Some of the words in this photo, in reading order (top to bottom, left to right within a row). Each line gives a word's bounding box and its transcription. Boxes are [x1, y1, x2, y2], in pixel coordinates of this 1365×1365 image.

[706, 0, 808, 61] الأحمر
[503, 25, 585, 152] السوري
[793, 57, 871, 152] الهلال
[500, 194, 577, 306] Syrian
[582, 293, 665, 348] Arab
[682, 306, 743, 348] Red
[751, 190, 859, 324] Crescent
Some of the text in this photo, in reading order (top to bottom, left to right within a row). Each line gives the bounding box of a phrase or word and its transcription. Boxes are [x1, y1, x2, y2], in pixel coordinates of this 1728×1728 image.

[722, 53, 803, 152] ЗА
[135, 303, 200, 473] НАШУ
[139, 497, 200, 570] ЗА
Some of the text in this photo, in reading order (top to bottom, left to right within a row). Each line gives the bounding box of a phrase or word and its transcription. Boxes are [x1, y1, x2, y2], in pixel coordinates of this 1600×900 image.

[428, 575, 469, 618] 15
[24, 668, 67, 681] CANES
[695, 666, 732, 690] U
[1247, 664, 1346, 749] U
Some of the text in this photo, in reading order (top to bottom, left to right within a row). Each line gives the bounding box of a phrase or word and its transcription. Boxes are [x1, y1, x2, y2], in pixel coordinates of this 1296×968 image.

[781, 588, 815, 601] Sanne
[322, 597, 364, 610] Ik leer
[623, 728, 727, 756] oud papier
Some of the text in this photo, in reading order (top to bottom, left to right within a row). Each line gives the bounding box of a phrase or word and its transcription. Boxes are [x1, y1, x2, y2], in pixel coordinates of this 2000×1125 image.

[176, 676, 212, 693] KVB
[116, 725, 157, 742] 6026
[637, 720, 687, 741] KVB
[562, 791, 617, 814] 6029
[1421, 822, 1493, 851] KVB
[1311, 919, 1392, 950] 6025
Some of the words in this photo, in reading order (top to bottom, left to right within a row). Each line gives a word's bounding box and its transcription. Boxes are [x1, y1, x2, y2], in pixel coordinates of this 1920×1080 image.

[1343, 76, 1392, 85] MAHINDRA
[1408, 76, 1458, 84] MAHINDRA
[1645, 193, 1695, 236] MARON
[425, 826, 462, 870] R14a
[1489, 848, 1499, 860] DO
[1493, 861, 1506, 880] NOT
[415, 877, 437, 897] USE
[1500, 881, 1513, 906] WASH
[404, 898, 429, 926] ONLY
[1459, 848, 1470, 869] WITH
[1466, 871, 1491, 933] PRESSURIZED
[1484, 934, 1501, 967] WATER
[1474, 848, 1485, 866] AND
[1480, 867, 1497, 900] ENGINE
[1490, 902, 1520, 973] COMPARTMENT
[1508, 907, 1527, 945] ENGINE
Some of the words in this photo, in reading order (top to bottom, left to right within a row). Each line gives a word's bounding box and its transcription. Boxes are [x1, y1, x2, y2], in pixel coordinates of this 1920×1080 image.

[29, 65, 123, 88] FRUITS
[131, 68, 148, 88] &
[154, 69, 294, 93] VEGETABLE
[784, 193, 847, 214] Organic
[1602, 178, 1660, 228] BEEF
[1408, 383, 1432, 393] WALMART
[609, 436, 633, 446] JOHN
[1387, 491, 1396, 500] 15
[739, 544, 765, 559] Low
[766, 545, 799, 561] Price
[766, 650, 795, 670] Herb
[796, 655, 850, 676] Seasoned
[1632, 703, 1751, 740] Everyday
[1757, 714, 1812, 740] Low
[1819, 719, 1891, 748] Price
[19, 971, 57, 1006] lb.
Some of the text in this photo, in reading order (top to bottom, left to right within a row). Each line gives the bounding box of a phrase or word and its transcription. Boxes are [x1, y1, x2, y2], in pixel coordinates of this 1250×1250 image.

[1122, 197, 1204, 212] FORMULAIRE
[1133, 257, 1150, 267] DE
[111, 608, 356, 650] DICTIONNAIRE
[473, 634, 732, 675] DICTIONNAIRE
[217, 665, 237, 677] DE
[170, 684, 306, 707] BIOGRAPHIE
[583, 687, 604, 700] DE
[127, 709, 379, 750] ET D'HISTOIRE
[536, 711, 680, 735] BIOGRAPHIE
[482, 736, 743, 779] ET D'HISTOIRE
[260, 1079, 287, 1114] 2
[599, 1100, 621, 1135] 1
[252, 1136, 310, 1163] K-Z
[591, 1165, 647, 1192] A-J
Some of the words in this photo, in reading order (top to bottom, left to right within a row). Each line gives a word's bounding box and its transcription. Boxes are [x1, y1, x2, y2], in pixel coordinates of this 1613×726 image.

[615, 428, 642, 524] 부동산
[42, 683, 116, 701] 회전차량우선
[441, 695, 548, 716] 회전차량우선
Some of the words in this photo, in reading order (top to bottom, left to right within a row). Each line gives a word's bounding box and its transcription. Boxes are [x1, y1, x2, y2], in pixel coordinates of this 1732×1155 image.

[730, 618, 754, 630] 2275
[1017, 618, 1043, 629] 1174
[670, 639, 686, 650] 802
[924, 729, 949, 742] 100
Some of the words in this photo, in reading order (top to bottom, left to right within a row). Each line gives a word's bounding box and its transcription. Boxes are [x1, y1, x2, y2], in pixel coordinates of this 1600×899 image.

◇ ◇ ◇ ◇ ◇ ◇ ◇

Problem >> Restate the whole of the material exactly.

Answer for the task >>
Some of the words in this photo, in reading order (top to bottom, left to right within a row). Each line gives a word's bounding box and its transcription. Boxes are [x1, y1, x2, y2], in pixel coordinates of this 1365×1365 image.

[706, 0, 808, 61] الأحمر
[503, 25, 585, 152] السوري
[793, 57, 871, 152] الهلال
[500, 194, 577, 306] Syrian
[582, 293, 665, 348] Arab
[682, 306, 743, 348] Red
[751, 190, 859, 324] Crescent
Some of the text in this photo, in reading order (top to bottom, left to right within a row). Each line gives the bounding box of a phrase or word and its transcription. Boxes are [x1, y1, x2, y2], in pixel coordinates of this 1728×1728 image.

[722, 53, 803, 152] ЗА
[135, 303, 200, 473] НАШУ
[139, 497, 200, 570] ЗА
Some of the text in this photo, in reading order (top to bottom, left to right within a row). Each line gives the bounding box of a phrase or word and its transcription. Boxes are [x1, y1, x2, y2], in pixel coordinates of this 1600×900 image.

[428, 575, 469, 618] 15
[24, 668, 67, 681] CANES
[695, 666, 732, 690] U
[1247, 664, 1346, 749] U
Some of the text in this photo, in reading order (top to bottom, left to right within a row). Each line gives the bounding box of a phrase or word and its transcription. Boxes are [x1, y1, x2, y2], in pixel coordinates of this 1296×968 image.

[781, 588, 815, 601] Sanne
[322, 597, 364, 610] Ik leer
[623, 728, 727, 756] oud papier
Some of the text in this photo, in reading order (top to bottom, left to right within a row). Each line gives the bounding box of a phrase or word and its transcription. Boxes are [x1, y1, x2, y2], in pixel coordinates of this 2000×1125 image.

[176, 676, 212, 693] KVB
[116, 725, 157, 742] 6026
[637, 720, 687, 741] KVB
[562, 791, 617, 814] 6029
[1421, 822, 1493, 851] KVB
[1311, 919, 1392, 950] 6025
Some of the words in this photo, in reading order (top to bottom, left to right within a row). Each line gives a word's bounding box and its transcription. Boxes are [x1, y1, x2, y2], in pixel coordinates of this 1920×1080 image.

[1343, 76, 1392, 85] MAHINDRA
[1408, 76, 1458, 84] MAHINDRA
[1645, 193, 1695, 236] MARON
[425, 826, 462, 870] R14a
[1489, 848, 1499, 860] DO
[1493, 861, 1506, 880] NOT
[415, 877, 437, 897] USE
[1500, 881, 1513, 906] WASH
[404, 898, 429, 926] ONLY
[1459, 848, 1470, 869] WITH
[1466, 871, 1491, 933] PRESSURIZED
[1484, 934, 1501, 967] WATER
[1474, 848, 1485, 866] AND
[1480, 867, 1497, 900] ENGINE
[1490, 902, 1520, 973] COMPARTMENT
[1508, 907, 1527, 945] ENGINE
Some of the words in this photo, in reading order (top to bottom, left to right within a row). Each line gives a word's bounding box and its transcription. Boxes are [x1, y1, x2, y2], in pixel coordinates of this 1920×1080 image.

[29, 65, 123, 88] FRUITS
[131, 68, 148, 88] &
[154, 69, 294, 93] VEGETABLE
[784, 193, 847, 214] Organic
[1602, 178, 1660, 228] BEEF
[1408, 383, 1432, 393] WALMART
[609, 436, 633, 446] JOHN
[1387, 491, 1396, 500] 15
[739, 544, 765, 559] Low
[766, 545, 799, 561] Price
[766, 650, 795, 670] Herb
[796, 655, 850, 676] Seasoned
[1632, 703, 1751, 740] Everyday
[1757, 714, 1812, 740] Low
[1819, 719, 1891, 748] Price
[19, 971, 57, 1006] lb.
Some of the text in this photo, in reading order (top to bottom, left to right within a row). Each line gives the bounding box of a phrase or word and its transcription. Boxes are [x1, y1, x2, y2], in pixel coordinates of this 1250×1250 image.

[1122, 197, 1204, 212] FORMULAIRE
[1133, 257, 1150, 267] DE
[111, 608, 356, 650] DICTIONNAIRE
[473, 634, 732, 675] DICTIONNAIRE
[217, 665, 237, 677] DE
[170, 684, 306, 707] BIOGRAPHIE
[583, 687, 604, 700] DE
[127, 709, 379, 750] ET D'HISTOIRE
[536, 711, 680, 735] BIOGRAPHIE
[482, 736, 743, 779] ET D'HISTOIRE
[260, 1079, 287, 1114] 2
[599, 1100, 621, 1135] 1
[252, 1136, 310, 1163] K-Z
[591, 1165, 647, 1192] A-J
Some of the words in this photo, in reading order (top to bottom, left to right within a row). Each line gives a word's bounding box and its transcription. Boxes are [x1, y1, x2, y2], in pixel coordinates of this 1613×726 image.

[615, 428, 642, 524] 부동산
[42, 683, 116, 701] 회전차량우선
[441, 695, 548, 716] 회전차량우선
Some of the words in this photo, in reading order (top to bottom, left to right within a row). Each line gives a word's bounding box and its transcription. Boxes are [x1, y1, x2, y2], in pixel coordinates of this 1732×1155 image.

[730, 618, 754, 630] 2275
[1017, 618, 1043, 629] 1174
[670, 639, 686, 650] 802
[924, 729, 949, 742] 100
Some of the words in this photo, in reading order (top to bottom, left to right within a row). Each line gives a word's bounding box and its transcription. Boxes are [x1, y1, x2, y2], in pixel coordinates of this 1600×899 image.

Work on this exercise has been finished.